§ **About this exercise**
Reproduce the entries verbatim; no pictures.

Dataset entries
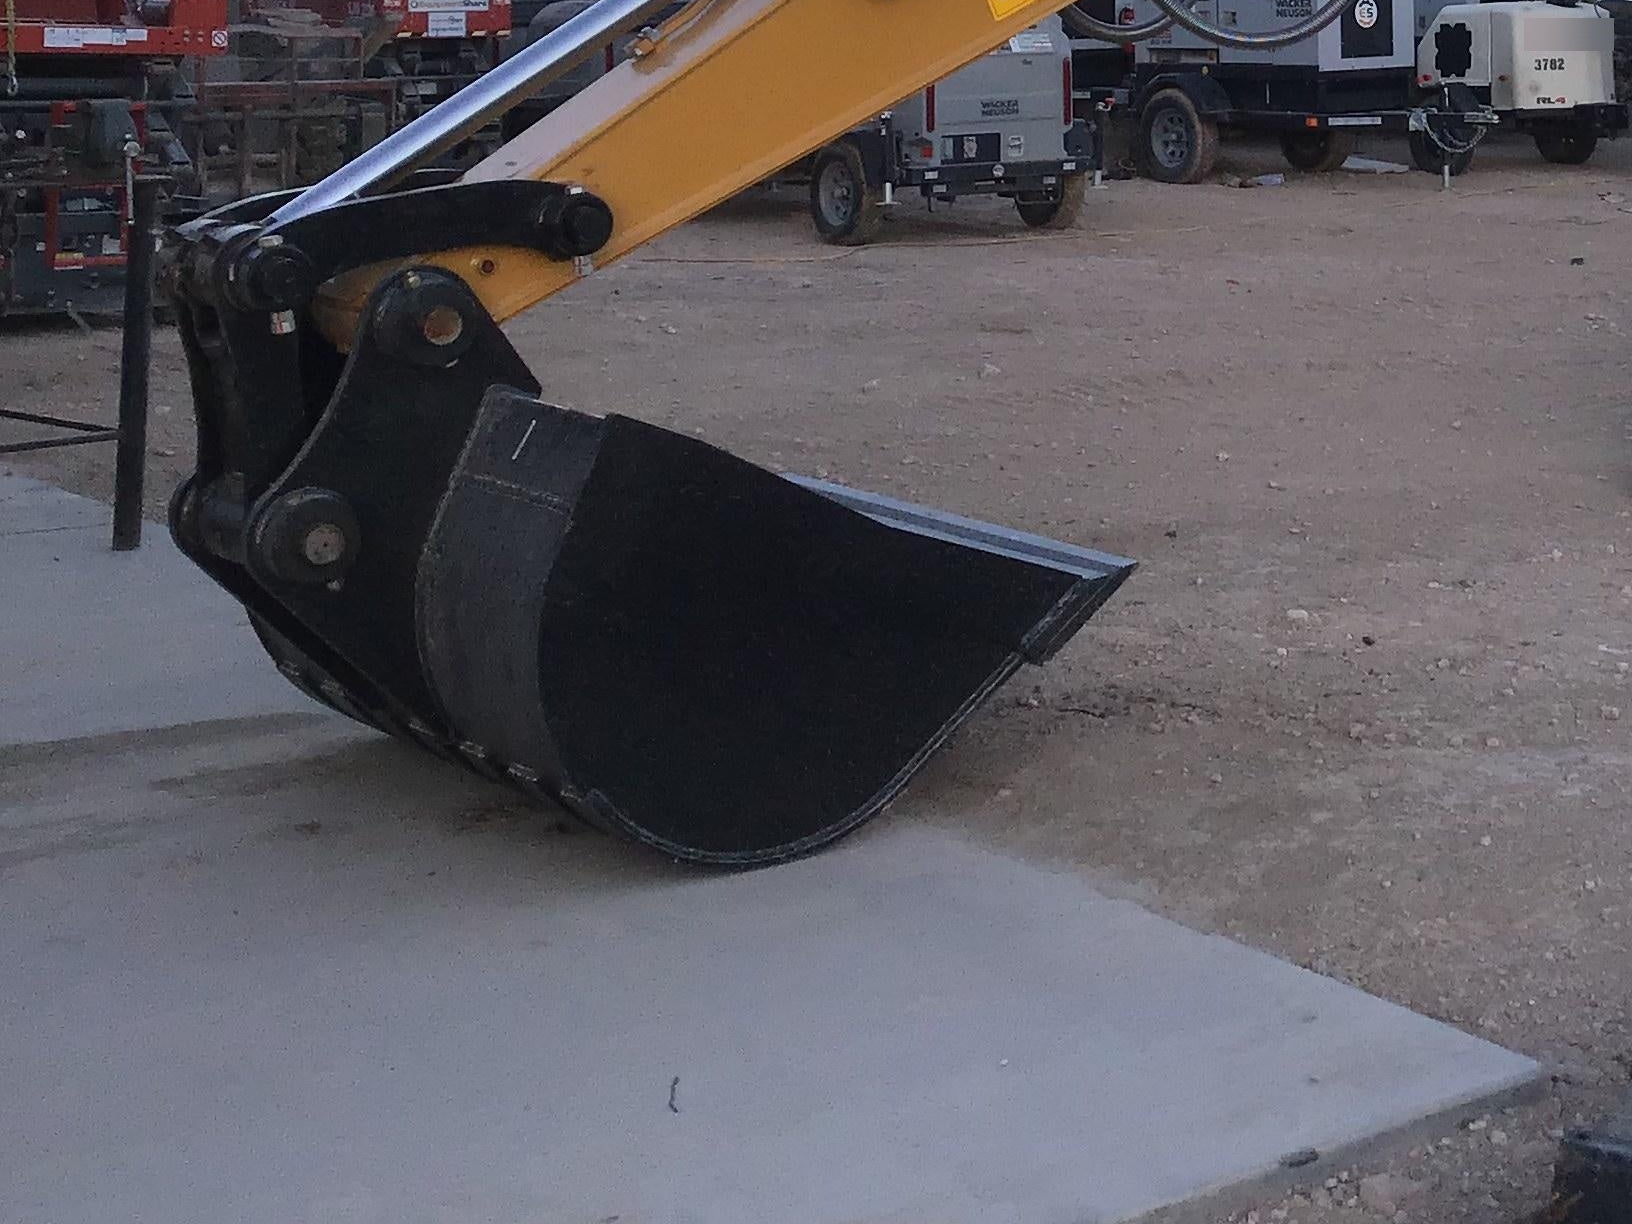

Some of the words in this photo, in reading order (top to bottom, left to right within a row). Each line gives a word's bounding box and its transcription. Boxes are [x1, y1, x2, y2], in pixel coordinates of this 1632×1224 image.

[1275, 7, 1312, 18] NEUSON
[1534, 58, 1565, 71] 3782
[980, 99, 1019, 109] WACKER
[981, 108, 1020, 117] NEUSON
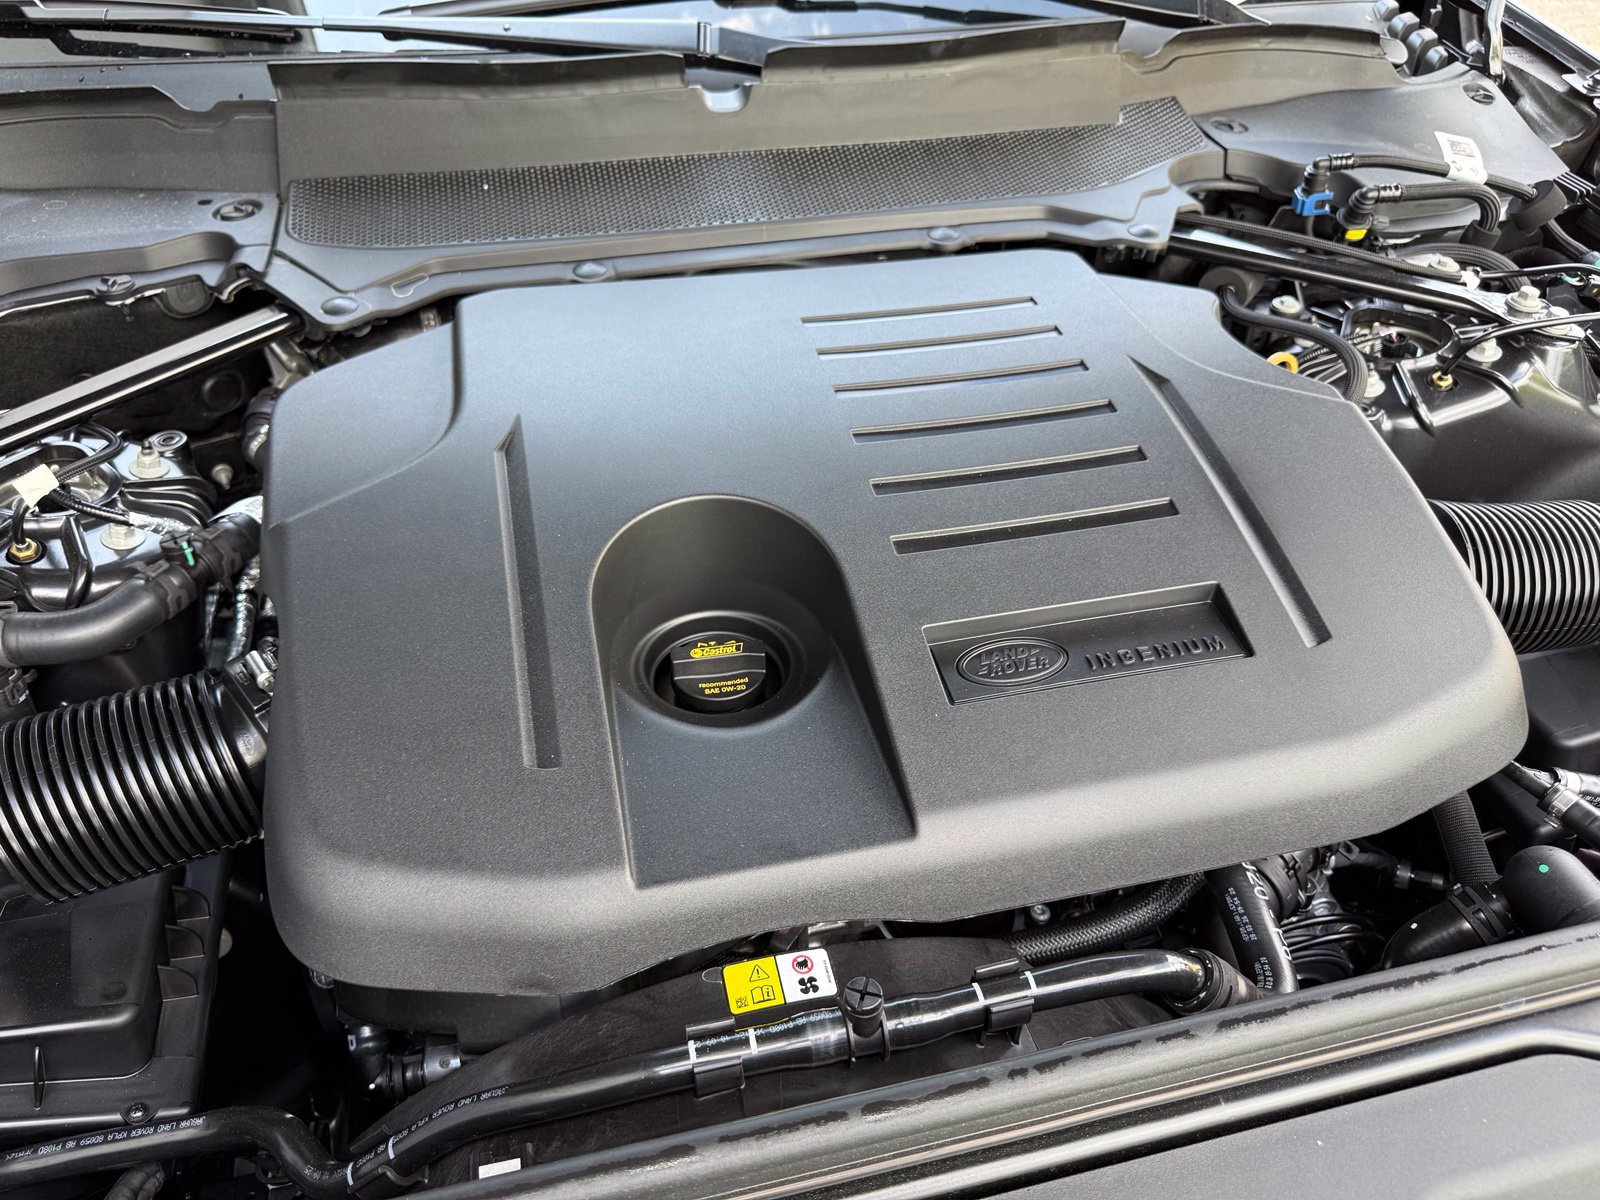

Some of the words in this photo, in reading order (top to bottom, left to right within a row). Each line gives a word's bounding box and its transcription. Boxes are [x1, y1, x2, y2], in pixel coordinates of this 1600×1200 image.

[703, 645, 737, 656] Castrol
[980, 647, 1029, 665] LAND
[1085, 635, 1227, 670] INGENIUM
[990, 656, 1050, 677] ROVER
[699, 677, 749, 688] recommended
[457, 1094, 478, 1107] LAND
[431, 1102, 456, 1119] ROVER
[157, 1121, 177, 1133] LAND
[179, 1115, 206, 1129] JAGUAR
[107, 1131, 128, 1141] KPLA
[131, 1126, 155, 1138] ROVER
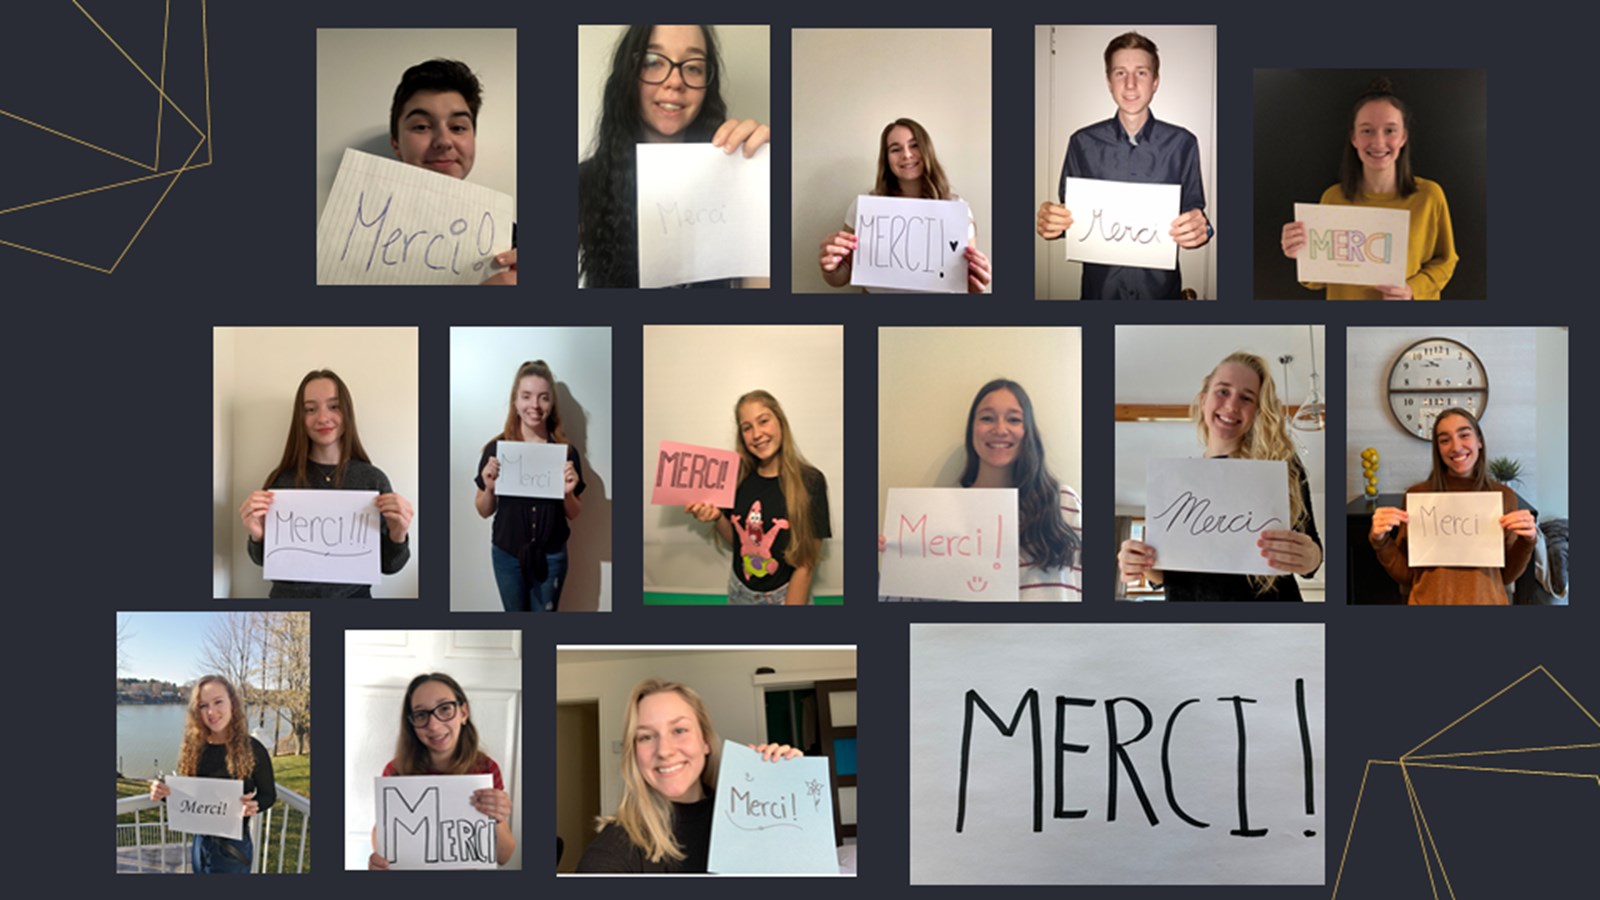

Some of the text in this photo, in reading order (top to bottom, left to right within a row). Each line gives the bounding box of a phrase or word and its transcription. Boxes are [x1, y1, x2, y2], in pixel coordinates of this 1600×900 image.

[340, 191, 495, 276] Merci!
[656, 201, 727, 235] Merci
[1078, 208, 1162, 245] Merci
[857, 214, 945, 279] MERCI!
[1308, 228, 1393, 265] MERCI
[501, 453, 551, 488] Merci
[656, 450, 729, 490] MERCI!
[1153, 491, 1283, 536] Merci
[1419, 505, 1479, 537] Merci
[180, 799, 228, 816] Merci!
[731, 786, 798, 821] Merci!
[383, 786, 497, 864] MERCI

§ **Answer to this problem**
Some of the words in this photo, in reading order (top to bottom, left to right within a row). Each line gives a word's bounding box and its transcription. Boxes are [x1, y1, x2, y2], in pixel coordinates of this 1632×1224 image.

[1275, 7, 1312, 18] NEUSON
[1534, 58, 1565, 71] 3782
[980, 99, 1019, 109] WACKER
[981, 108, 1020, 117] NEUSON

Some of the words in this photo, in reading order (top to bottom, left to right within a row). Each line gives a word's bounding box and its transcription. Boxes are [x1, y1, x2, y2], in pixel coordinates of this 1600×1200 image.

[703, 645, 737, 656] Castrol
[980, 647, 1029, 665] LAND
[1085, 635, 1227, 670] INGENIUM
[990, 656, 1050, 677] ROVER
[699, 677, 749, 688] recommended
[457, 1094, 478, 1107] LAND
[431, 1102, 456, 1119] ROVER
[157, 1121, 177, 1133] LAND
[179, 1115, 206, 1129] JAGUAR
[107, 1131, 128, 1141] KPLA
[131, 1126, 155, 1138] ROVER

Some of the text in this photo, in reading order (top to bottom, left to right within a row). Each line gives the bounding box of a phrase or word and its transcription. Boxes are [x1, y1, x2, y2], in pixel coordinates of this 1600×900 image.

[340, 191, 495, 276] Merci!
[656, 201, 727, 235] Merci
[1078, 208, 1162, 245] Merci
[857, 214, 945, 279] MERCI!
[1308, 228, 1393, 265] MERCI
[501, 453, 551, 488] Merci
[656, 450, 729, 490] MERCI!
[1153, 491, 1283, 536] Merci
[1419, 505, 1479, 537] Merci
[180, 799, 228, 816] Merci!
[731, 786, 798, 821] Merci!
[383, 786, 497, 864] MERCI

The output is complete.